"Well, I'll be jiggered! It looks to me like as if you'd come down here tryin' to be awful too good. I wish I had money enough to buy a glass case to put you in. I reckon I could sell the lot up to the museum."
"That's right; laugh jest as much as you've a mind to, Carrots. You can't make me mad after all you've done; but what I said is true, jest the same, an' don't you forget it."
"All right," Carrots replied, placidly. "I reckon it won't cost very much till these're gone; so s'posin' we talk 'bout how we're going inter business? Skip's got it in for me now, an' I'll have to shin 'round as lively as you do."
"There's only one thing 'bout it. We must 'tend to work the same's if he wasn't livin'."
"But he'll jump down on us, an' then we'll get into another fight."
"I s'pose that's so. Ain't there some place in the town jest as good for paper-sellin' as 'round the City Hall?"

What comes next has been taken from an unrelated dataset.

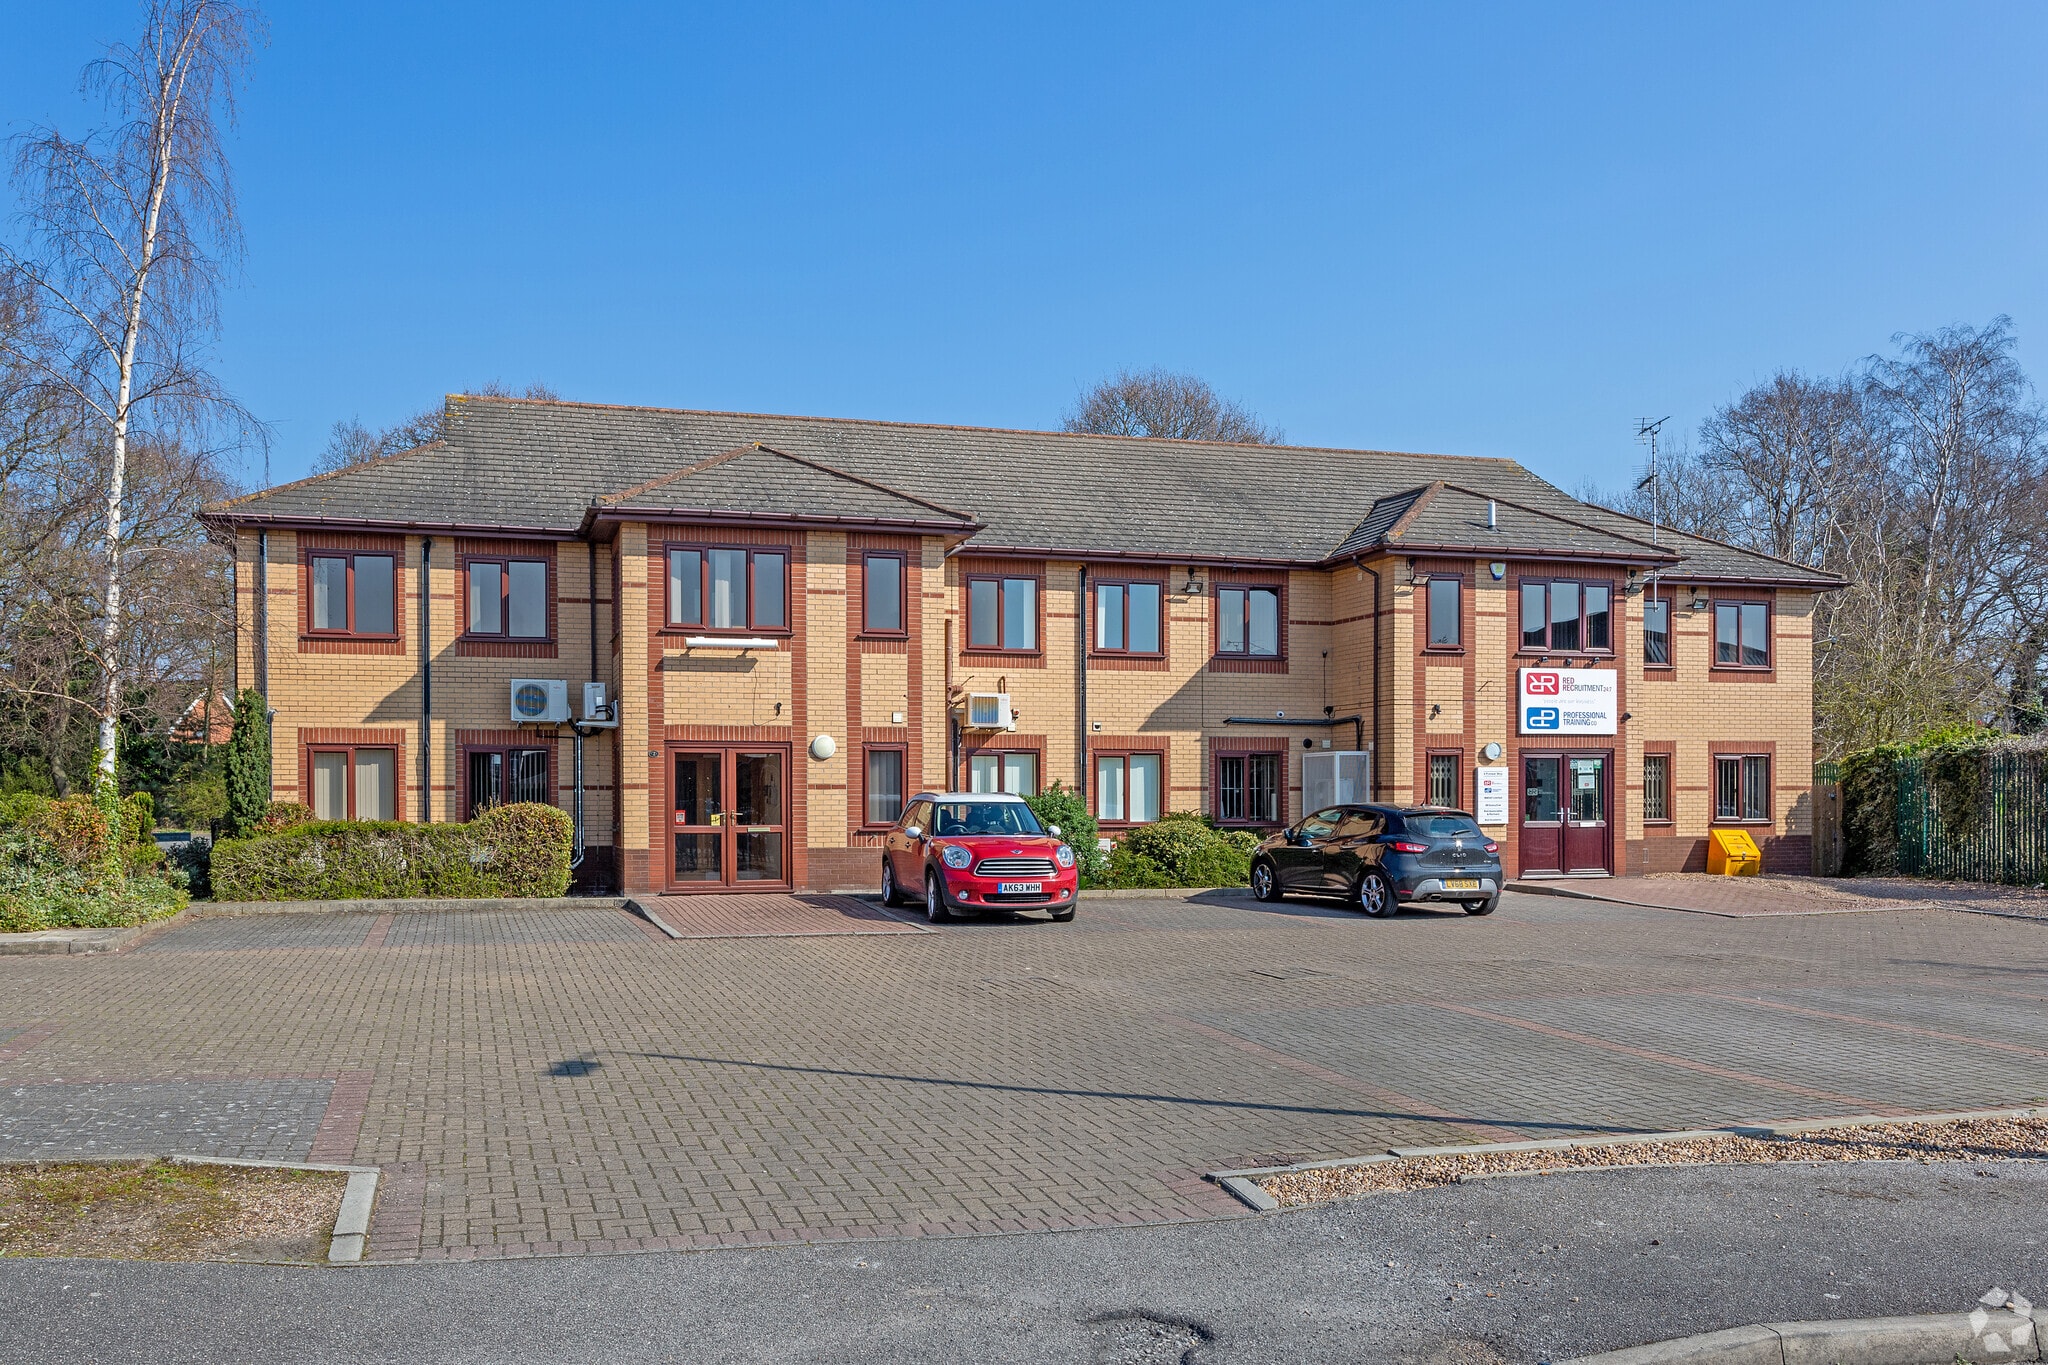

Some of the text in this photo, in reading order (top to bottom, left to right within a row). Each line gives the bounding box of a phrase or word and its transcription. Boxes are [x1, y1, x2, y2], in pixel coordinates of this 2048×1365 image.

[1562, 684, 1603, 692] RECRUITMENT
[1563, 711, 1607, 719] PROFESSIONAL
[1003, 883, 1041, 892] AK63 WHH

"Well, I don't know. You see, I've allers worked there, an' am 'quainted with the fellers, so it seems to me it's 'bout the only spot. If you should try down by South Ferry, or 'round here anywhere, everybody'd do their best to drive you out, same's Skip did. I b'long up to City Hall, so they can't shove me away from there; an' the bootblacks in any place else would raise a row if I come takin' trade away."
"It don't seem as though they'd dare to do such things," said Teddy, thoughtfully. "You've as much right on one street as another."
"That's the way I s'pose it looks to a stranger; but it ain't so, jest the same. Now if a new feller come where I was workin' I'd turn in with the others to drive him off, of course."
"Then how does a new boy like me start?"